Ein der Vignettenanalyse ähnliches Verfahren sind Discrete-choice-Experimente. Solche Experimente könnten hilfreich sein, speziell zum vorliegenden Thema die Vignettenergebnisse erneuten Tests zu unterziehen. Da sich bei diesem alternativen Ansatz die Befragten bei ihrer Priorisierung zwischen zwei Personen oder Situationen entscheiden müssen, ist die „übergangene“ Alternative für die Befragten explizit präsent, während in der Vignettenstudie nur die Besonderheiten der beschriebenen Person aufgezeigt werden. Ähnlichkeiten der Ergebnisse mit unterschiedlichen empirischen Zugängen würde die Belastbarkeit der Resultate stärken.

Inwiefern solche Erkenntnisse das Potenzial haben, bei der Erstellung klinisch-ethischer Empfehlungen im Kontext medizinischer Ressourcenknappheit berücksichtigt zu werden, könnten ebenfalls zukünftige Forschungsprojekte aufgreifen.

Fazit für die Praxis

  • Für die Einschätzung der Akzeptanz von Knappheitsentscheidungen in der Bevölkerung ist es wichtig zu wissen, dass medizinische Laien nach Alter und dem Vorhandensein eigener Kinder der erkrankten Personen etc. diskriminieren, obwohl die Anwendung solcher Mechanismen der Entscheidungsfindung aus professioneller Sicht unzulässig ist.

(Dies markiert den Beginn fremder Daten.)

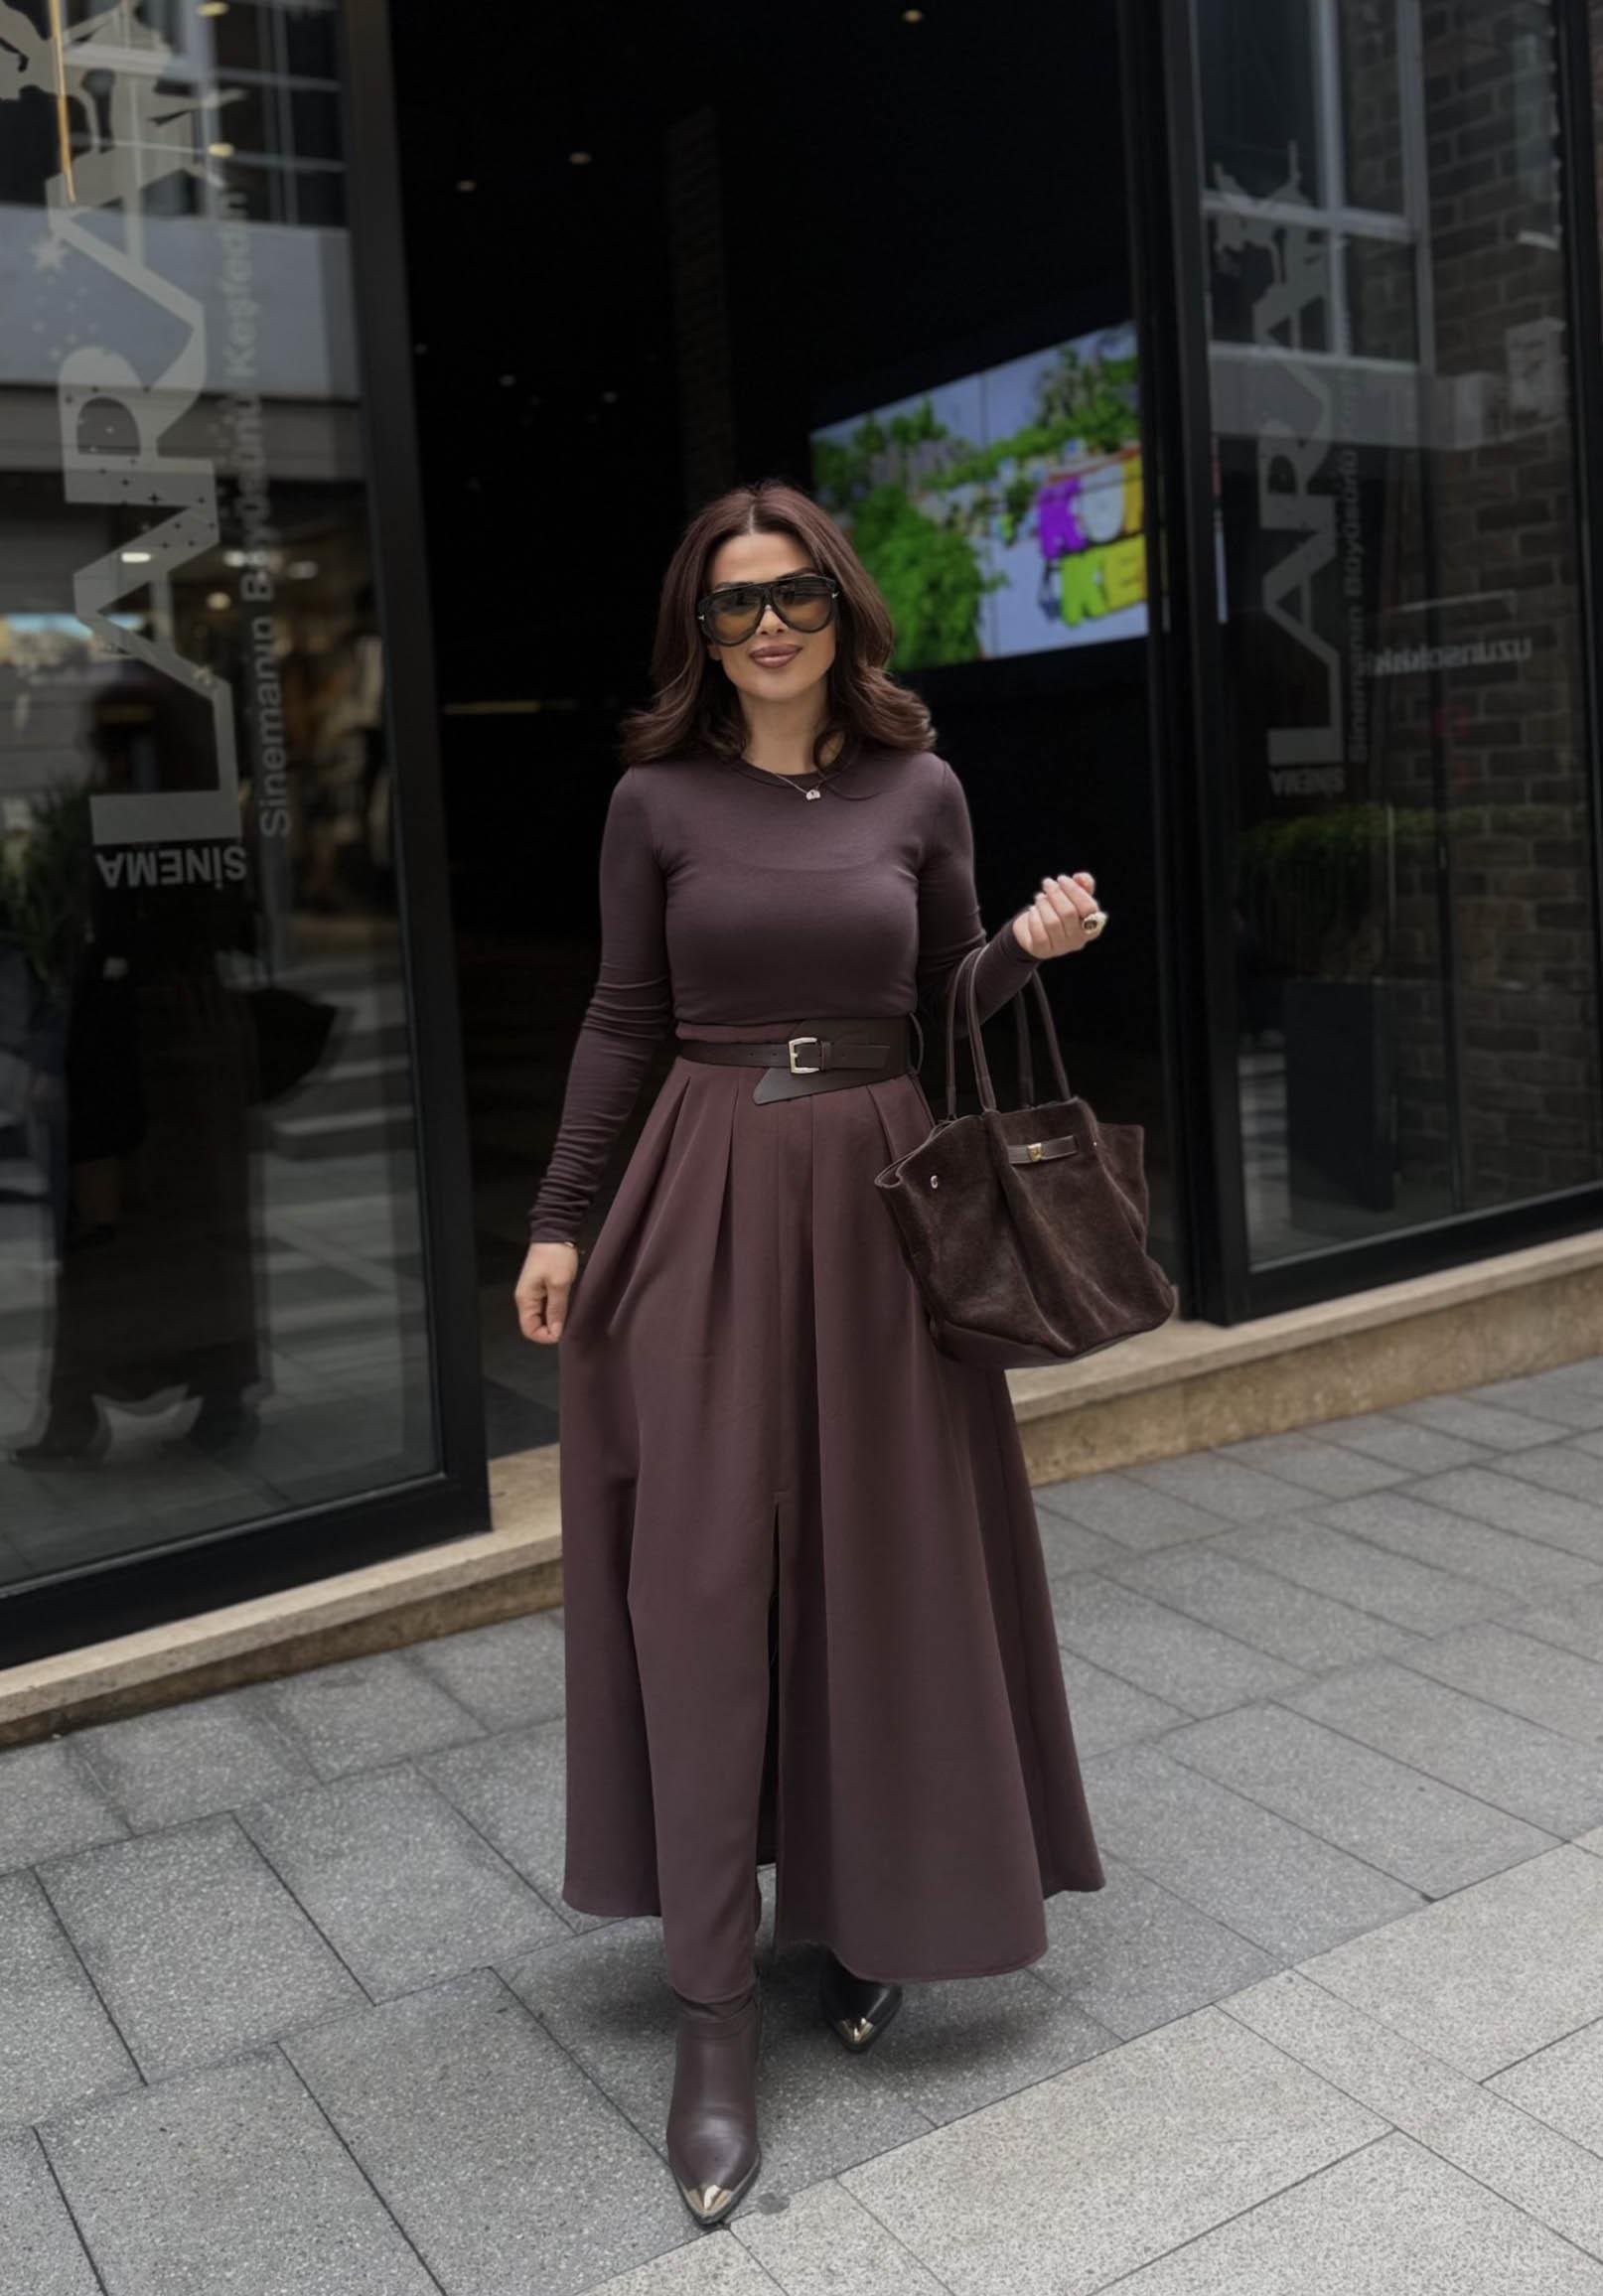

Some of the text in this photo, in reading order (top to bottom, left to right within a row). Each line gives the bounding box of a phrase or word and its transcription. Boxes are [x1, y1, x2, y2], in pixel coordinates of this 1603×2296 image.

[47, 117, 241, 845] LARA
[214, 192, 291, 837] Sinemanın Byüsünü Keşfedn
[1252, 266, 1343, 766] LARA

  • Das Konzept der Genesungschancen bei COVID-19(„Coronavirus Disease 2019“)-Patienten ist sehr ähnlich zum Konzept der Erfolgsaussicht beim Allokationsprozess von Spenderorganen, das laut Transplantationsgesetz eines der wenigen zulässigen Allokationskriterien darstellt. Medizinische Entscheidungen von Ärzten in Knappheitssituationen könnten sich gegebenenfalls u. a. daran orientieren.